__Exercise instructions__:
Without changing a word, repeat the data, and include no pictures.

__Source data__:
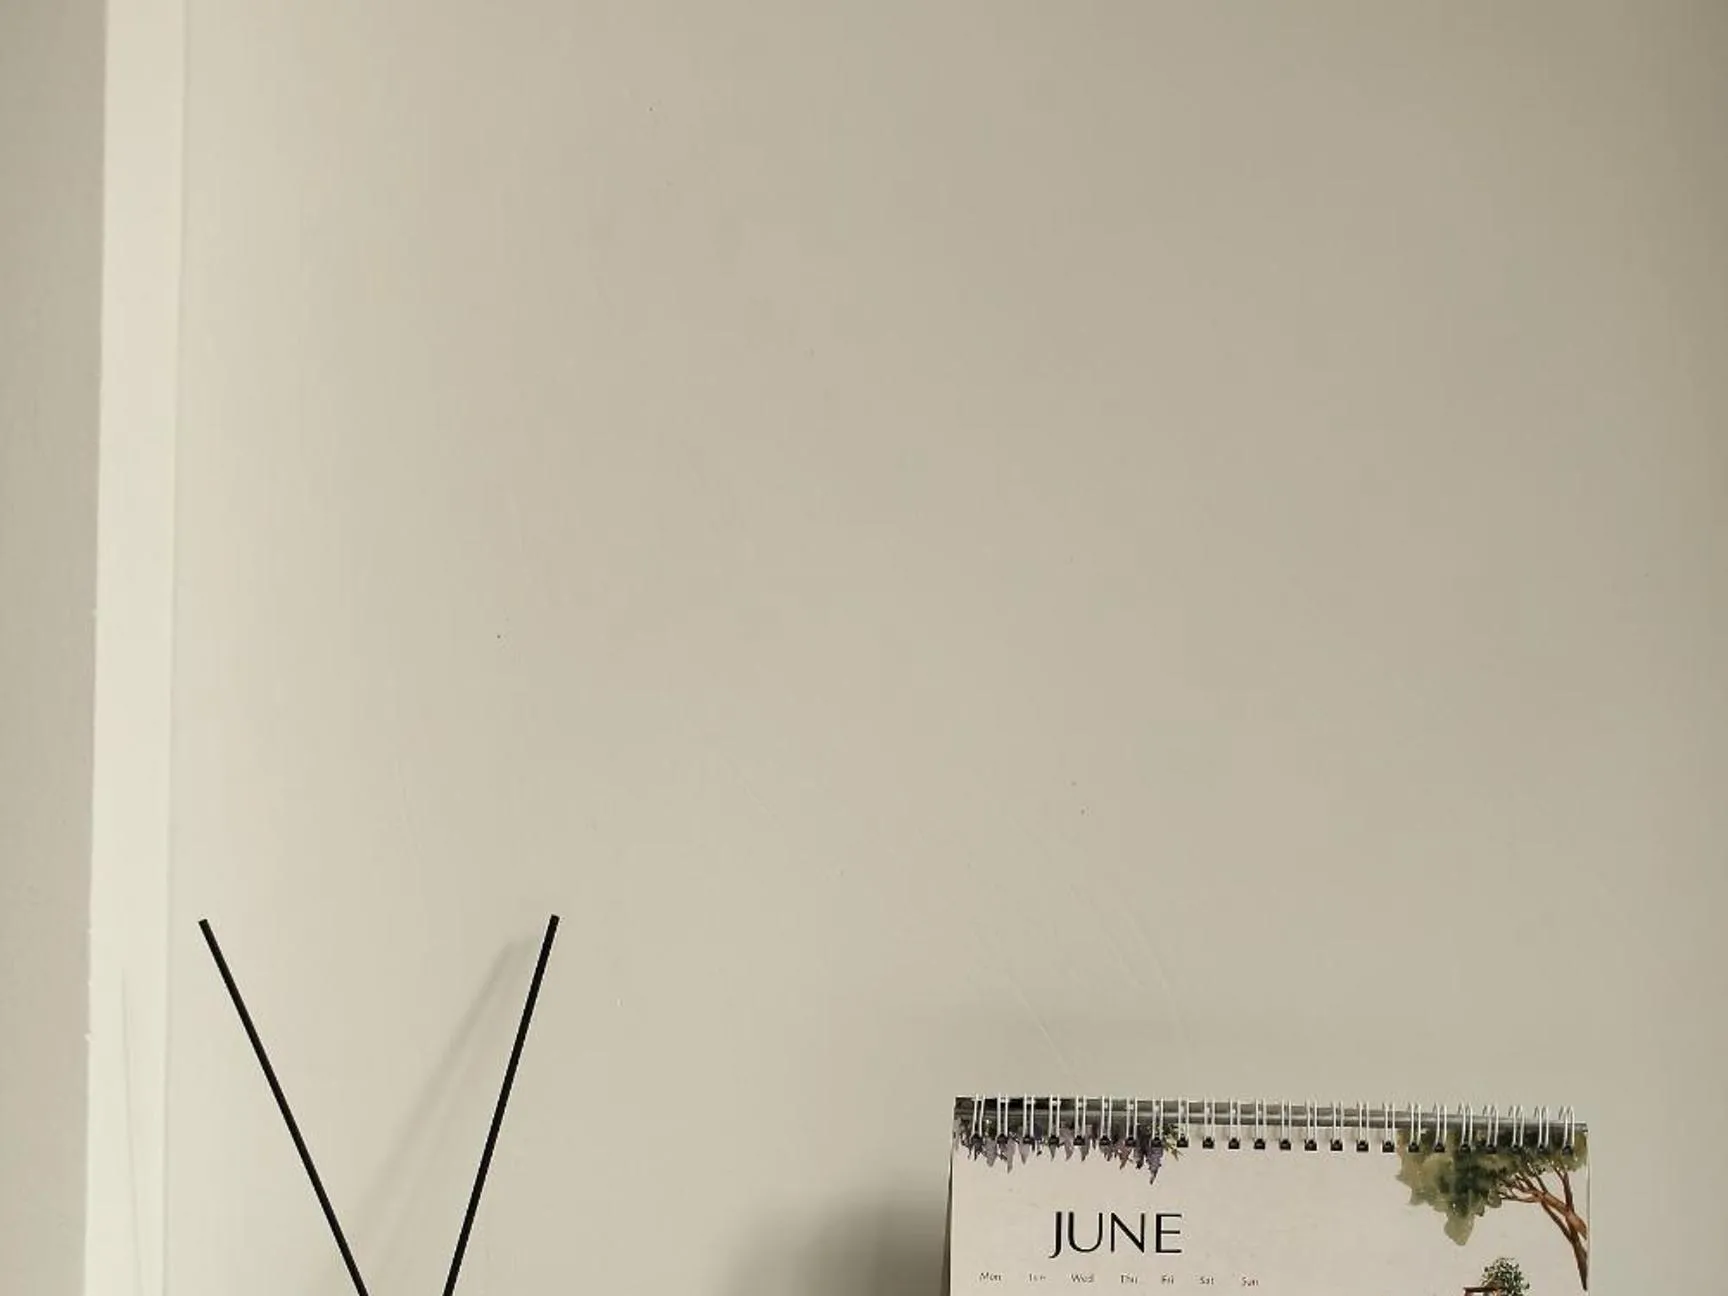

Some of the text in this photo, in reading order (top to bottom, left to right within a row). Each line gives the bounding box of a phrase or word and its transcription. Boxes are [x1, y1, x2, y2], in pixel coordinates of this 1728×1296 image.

[1047, 1210, 1183, 1259] JUNE
[979, 1271, 1002, 1282] Mon
[1070, 1273, 1095, 1284] Wed
[1161, 1274, 1175, 1285] Fri
[1199, 1275, 1215, 1286] Sat
[1240, 1276, 1259, 1288] Sun
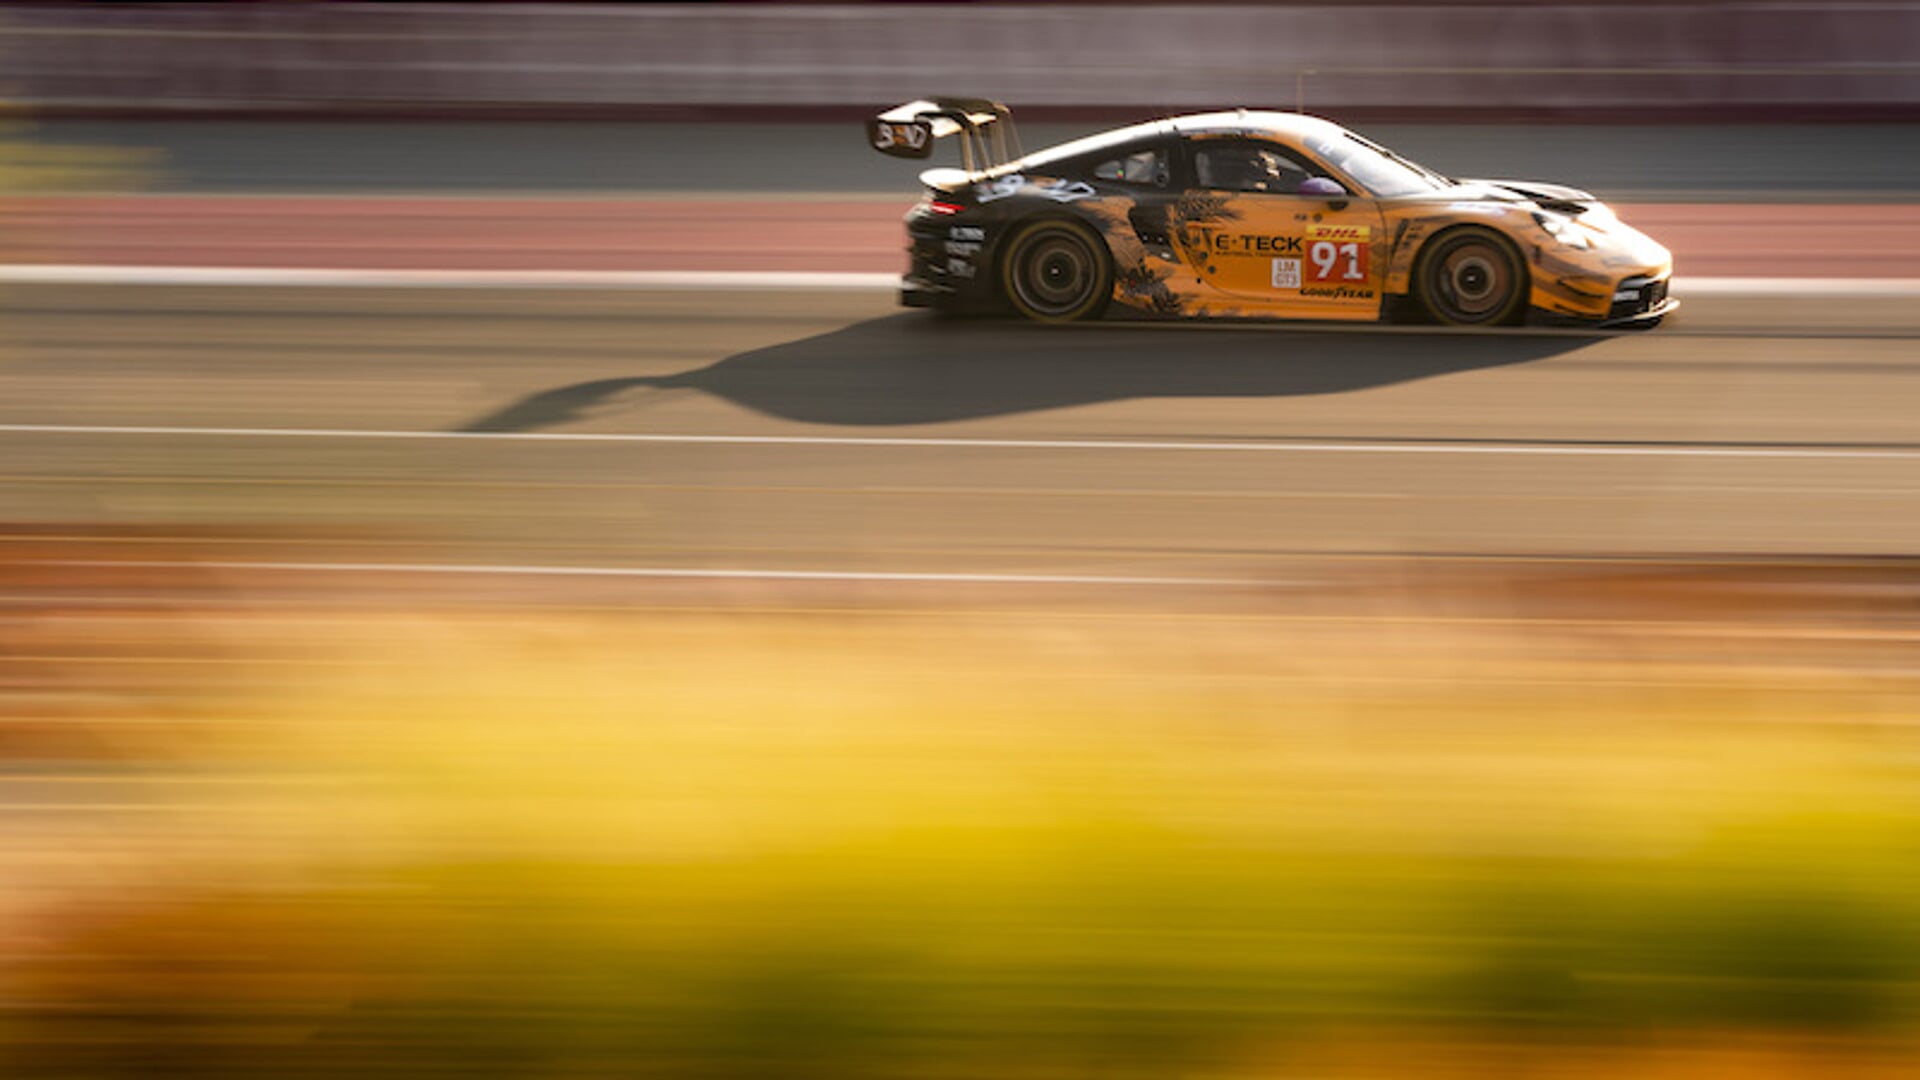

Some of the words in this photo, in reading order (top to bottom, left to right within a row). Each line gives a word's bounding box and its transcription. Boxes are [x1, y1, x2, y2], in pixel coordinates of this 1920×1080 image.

[1317, 228, 1360, 238] DHL
[1311, 241, 1363, 279] 91
[1277, 261, 1295, 272] LM
[1300, 287, 1373, 299] GOODYEAR

__Response to the exercise__:
Some of the text in this photo, in reading order (top to bottom, left to right within a row). Each line gives the bounding box of a phrase or word and its transcription. Boxes are [x1, y1, x2, y2], in pixel coordinates of this 1728×1296 image.

[1047, 1210, 1183, 1259] JUNE
[979, 1271, 1002, 1282] Mon
[1070, 1273, 1095, 1284] Wed
[1161, 1274, 1175, 1285] Fri
[1199, 1275, 1215, 1286] Sat
[1240, 1276, 1259, 1288] Sun

Some of the words in this photo, in reading order (top to bottom, left to right within a row). Each line gives a word's bounding box and its transcription. Boxes are [x1, y1, x2, y2], in pixel coordinates of this 1920×1080 image.

[1317, 228, 1360, 238] DHL
[1311, 241, 1363, 279] 91
[1277, 261, 1295, 272] LM
[1300, 287, 1373, 299] GOODYEAR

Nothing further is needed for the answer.